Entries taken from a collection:
-------------------------
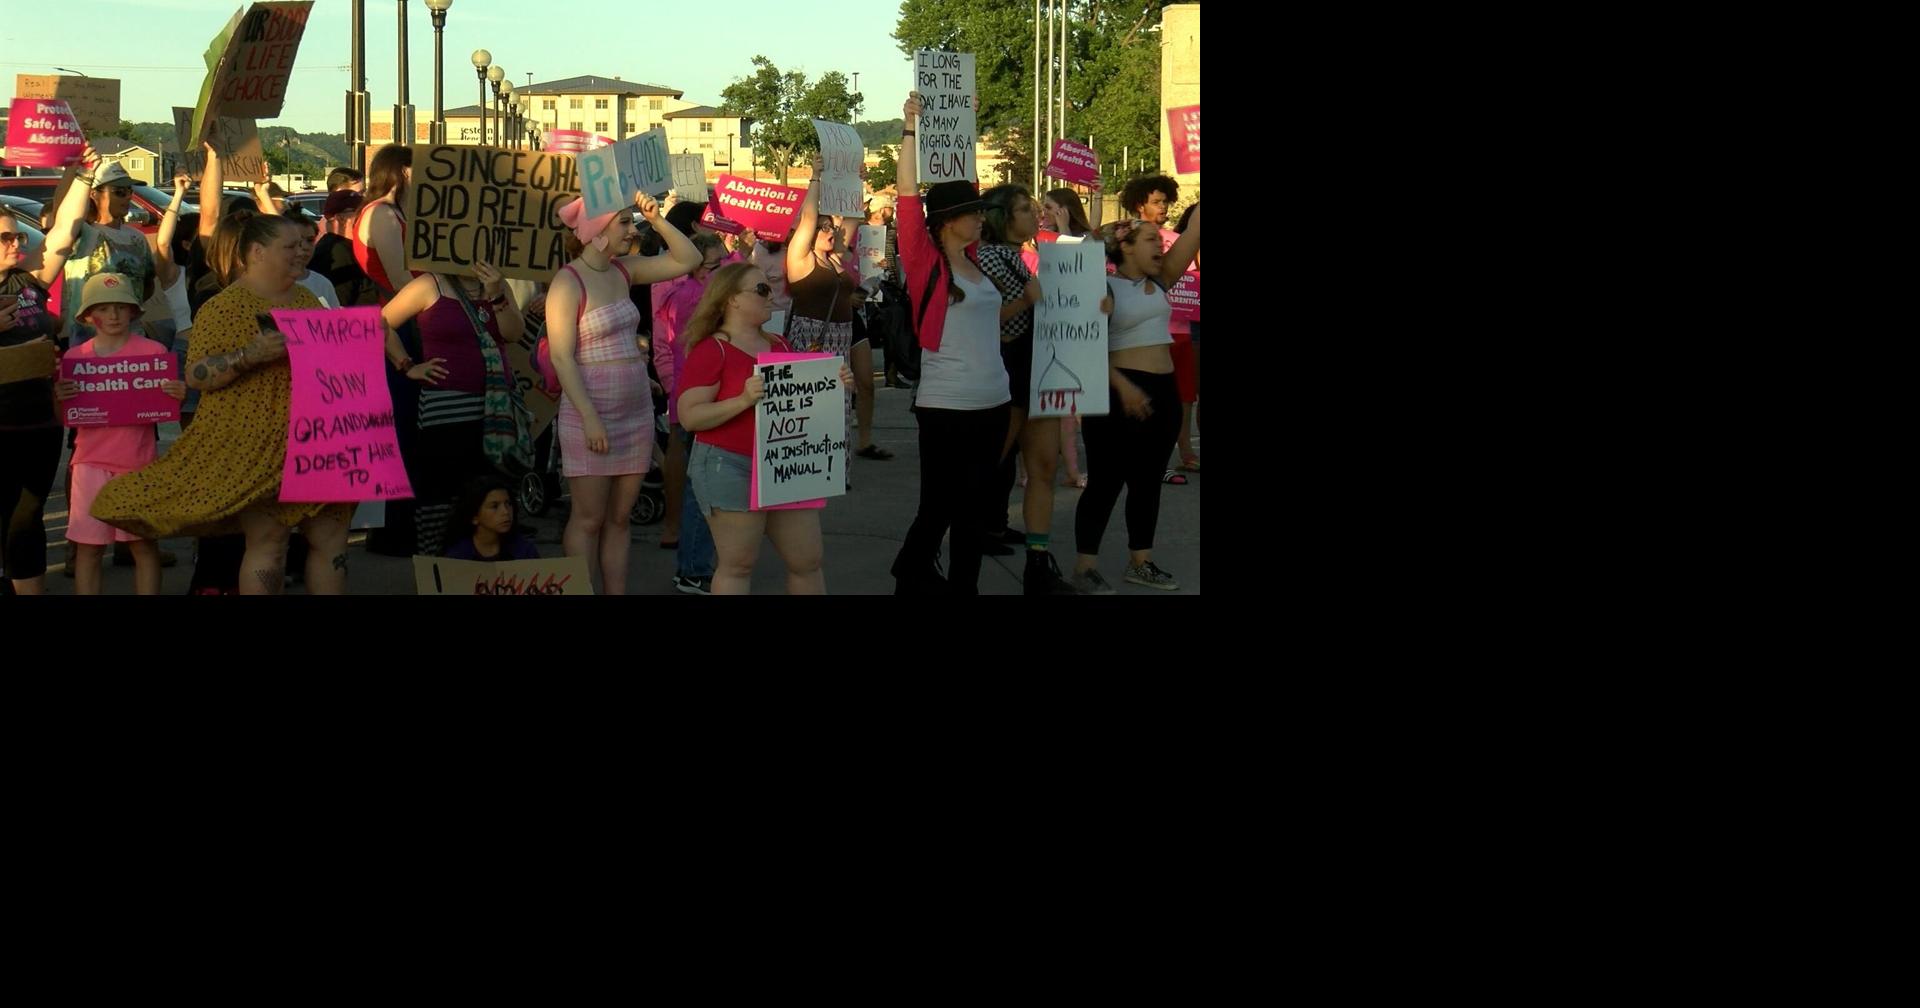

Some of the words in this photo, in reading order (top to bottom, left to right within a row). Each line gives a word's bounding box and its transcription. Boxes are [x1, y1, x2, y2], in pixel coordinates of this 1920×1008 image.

[246, 44, 293, 71] LIFE
[919, 53, 928, 67] I
[932, 54, 960, 70] LONG
[918, 71, 938, 88] FOR
[941, 72, 962, 89] THE
[939, 94, 947, 109] I
[947, 94, 970, 109] HAVE
[24, 118, 56, 131] Safe,
[57, 119, 78, 133] Leg
[919, 115, 930, 130] AS
[932, 115, 959, 131] MANY
[28, 133, 82, 145] Abortion
[919, 133, 951, 153] RIGHTS
[953, 134, 964, 150] AS
[965, 136, 973, 150] A
[928, 151, 965, 178] GUN
[1056, 152, 1084, 165] Health
[425, 146, 527, 188] SINCE
[530, 154, 581, 193] WHE
[726, 180, 785, 200] Abortion
[786, 191, 799, 201] is
[416, 183, 470, 220] DID
[478, 186, 577, 232] RELIG
[718, 193, 763, 211] Health
[765, 203, 793, 215] Care
[412, 219, 524, 269] BECOME
[528, 229, 572, 271] LA
[1057, 250, 1083, 275] will
[1057, 287, 1080, 310] be
[282, 319, 304, 345] I
[308, 318, 375, 345] MARCH
[73, 361, 149, 375] Abortion
[154, 358, 168, 371] is
[761, 364, 793, 383] THE
[316, 369, 343, 405] SO
[343, 371, 367, 400] MY
[763, 402, 795, 417] TALE
[800, 398, 813, 411] IS
[768, 417, 810, 441] NOT
[764, 449, 778, 466] AN
[342, 469, 369, 488] TO
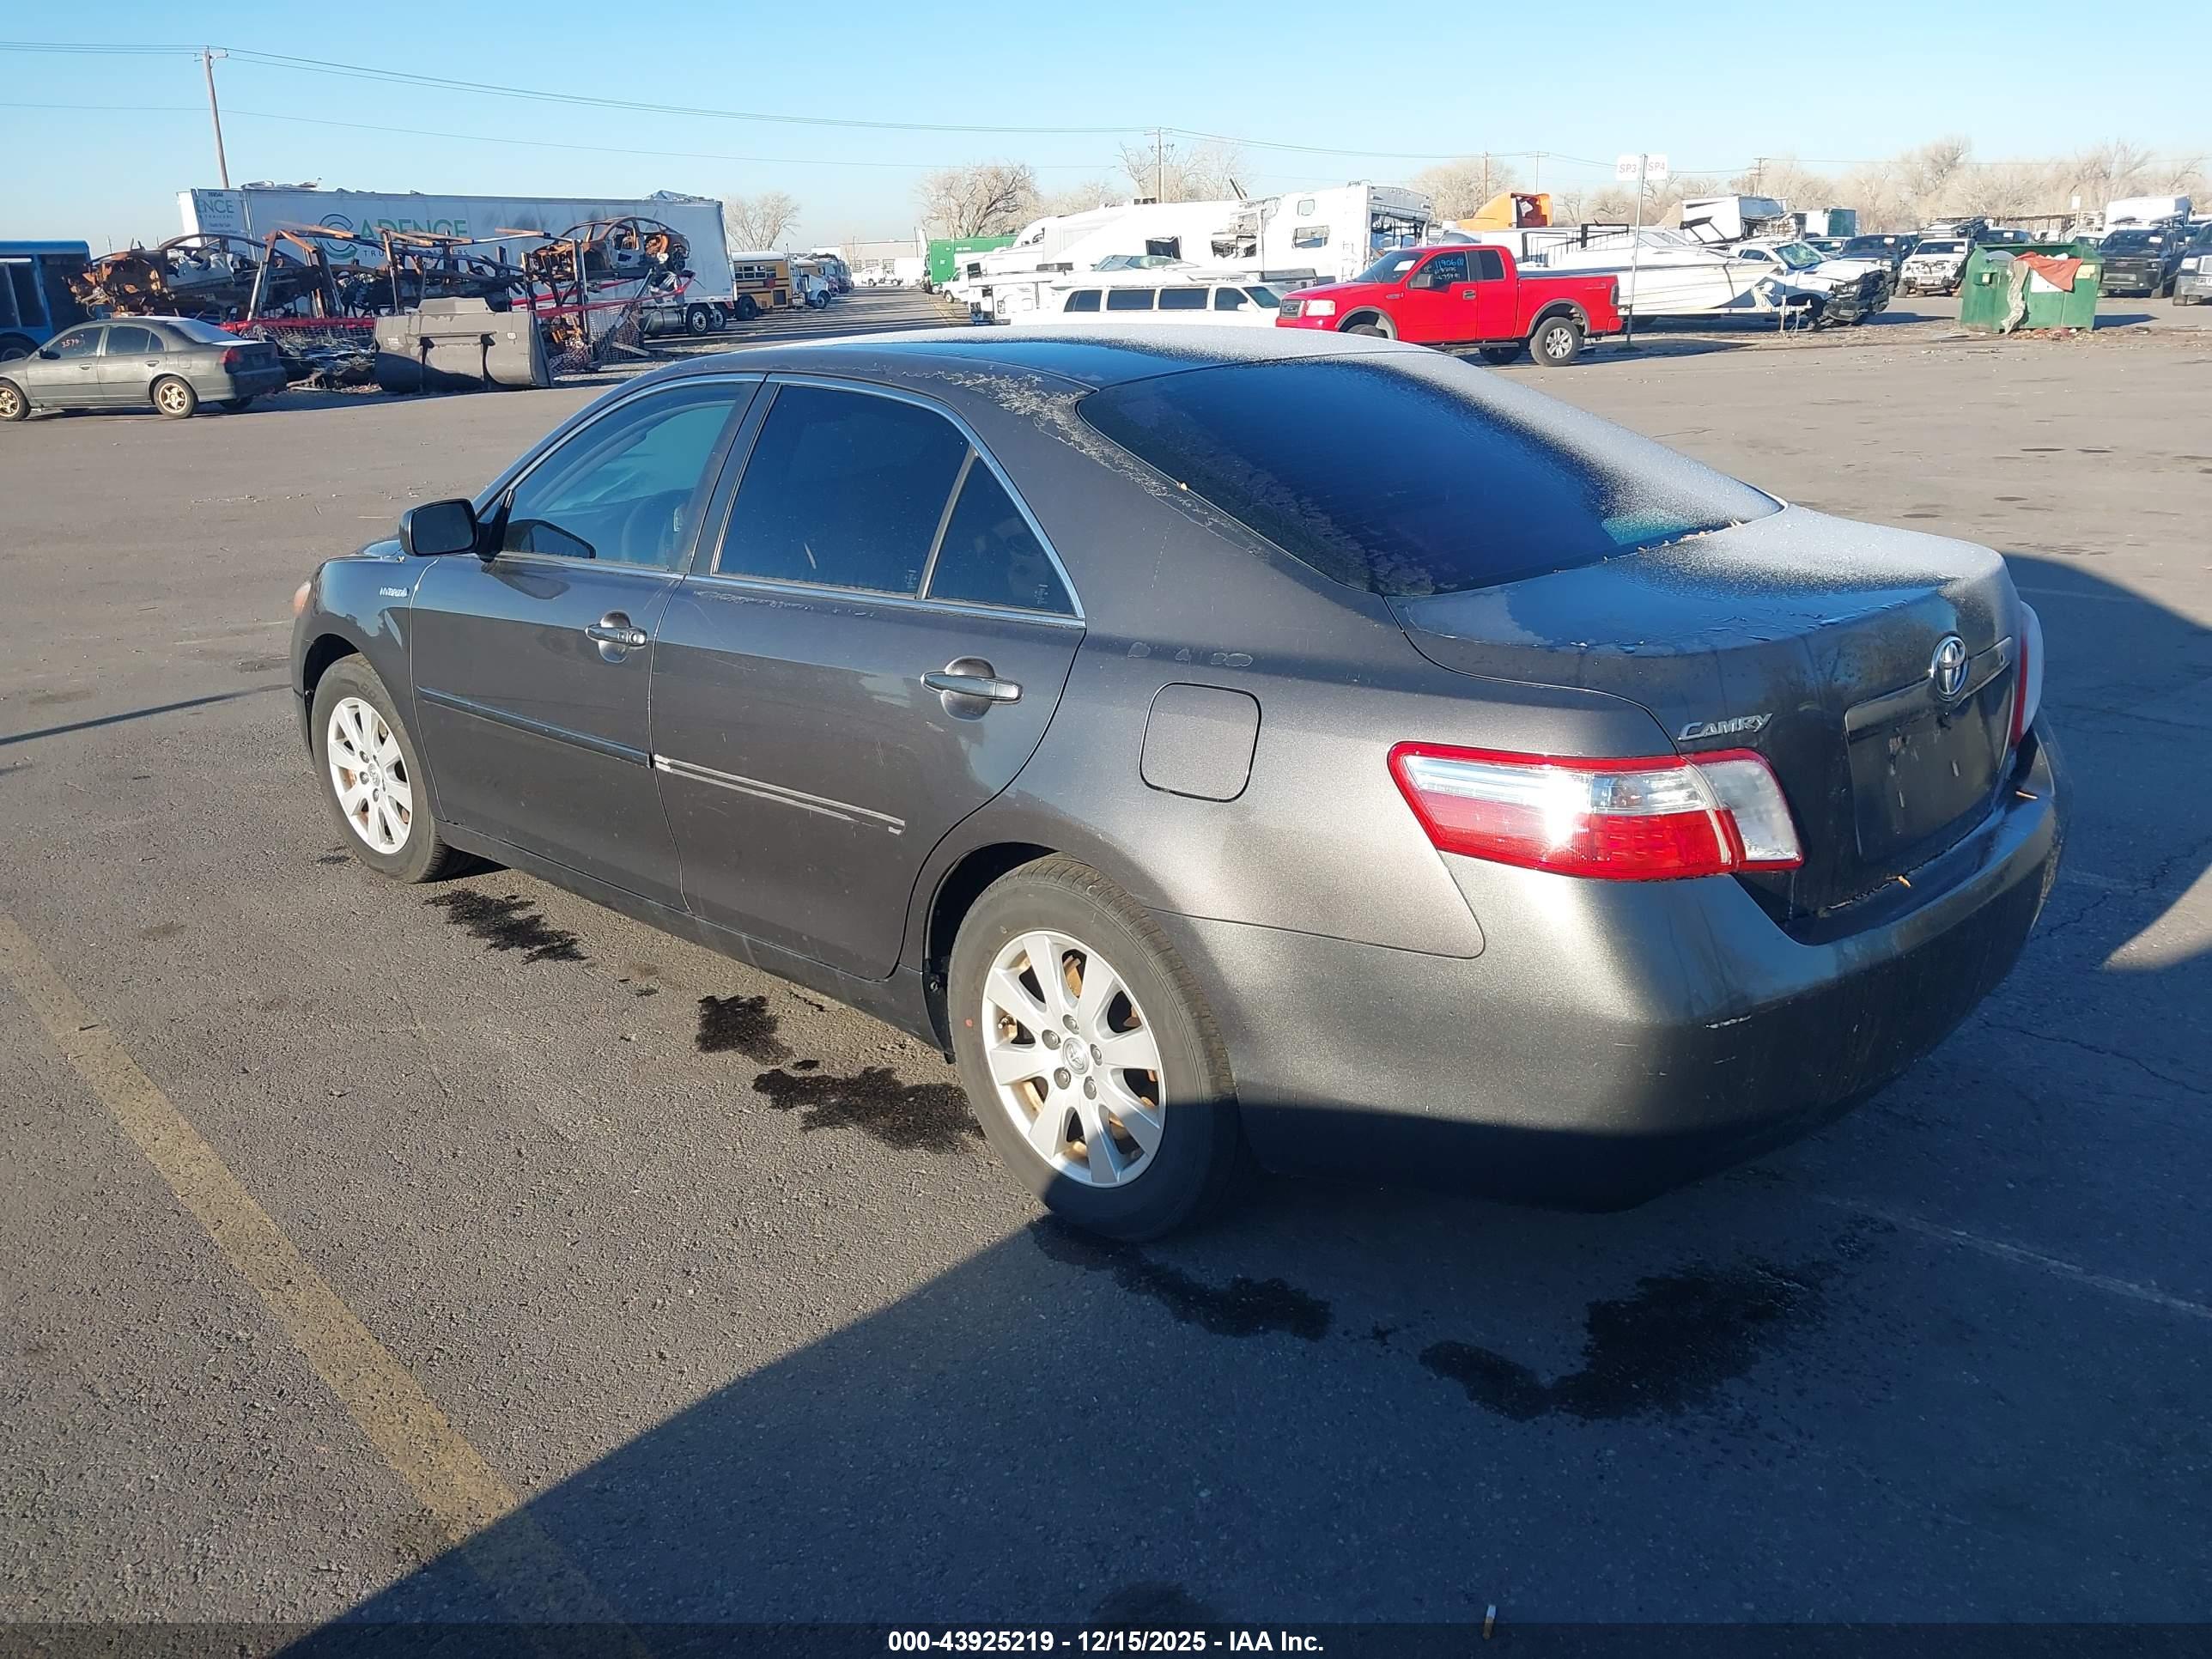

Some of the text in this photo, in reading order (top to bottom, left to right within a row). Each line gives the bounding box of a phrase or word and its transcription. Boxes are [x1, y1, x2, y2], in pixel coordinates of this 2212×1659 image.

[1619, 163, 1638, 173] SP3
[1648, 161, 1666, 172] SP4
[1677, 713, 1773, 742] CAMRY
-------------------------
WHAT IS BEING ASKED:
Without changing a word, retype every entry above, but drop its pictures.

OUTPUT OF THE EXERCISE:
Some of the words in this photo, in reading order (top to bottom, left to right within a row). Each line gives a word's bounding box and its transcription. Boxes are [x1, y1, x2, y2], in pixel coordinates of this 1920×1008 image.

[246, 44, 293, 71] LIFE
[919, 53, 928, 67] I
[932, 54, 960, 70] LONG
[918, 71, 938, 88] FOR
[941, 72, 962, 89] THE
[939, 94, 947, 109] I
[947, 94, 970, 109] HAVE
[24, 118, 56, 131] Safe,
[57, 119, 78, 133] Leg
[919, 115, 930, 130] AS
[932, 115, 959, 131] MANY
[28, 133, 82, 145] Abortion
[919, 133, 951, 153] RIGHTS
[953, 134, 964, 150] AS
[965, 136, 973, 150] A
[928, 151, 965, 178] GUN
[1056, 152, 1084, 165] Health
[425, 146, 527, 188] SINCE
[530, 154, 581, 193] WHE
[726, 180, 785, 200] Abortion
[786, 191, 799, 201] is
[416, 183, 470, 220] DID
[478, 186, 577, 232] RELIG
[718, 193, 763, 211] Health
[765, 203, 793, 215] Care
[412, 219, 524, 269] BECOME
[528, 229, 572, 271] LA
[1057, 250, 1083, 275] will
[1057, 287, 1080, 310] be
[282, 319, 304, 345] I
[308, 318, 375, 345] MARCH
[73, 361, 149, 375] Abortion
[154, 358, 168, 371] is
[761, 364, 793, 383] THE
[316, 369, 343, 405] SO
[343, 371, 367, 400] MY
[763, 402, 795, 417] TALE
[800, 398, 813, 411] IS
[768, 417, 810, 441] NOT
[764, 449, 778, 466] AN
[342, 469, 369, 488] TO

Some of the text in this photo, in reading order (top to bottom, left to right within a row). Each line gives the bounding box of a phrase or word and its transcription. Boxes are [x1, y1, x2, y2], in pixel coordinates of this 2212×1659 image.

[1619, 163, 1638, 173] SP3
[1648, 161, 1666, 172] SP4
[1677, 713, 1773, 742] CAMRY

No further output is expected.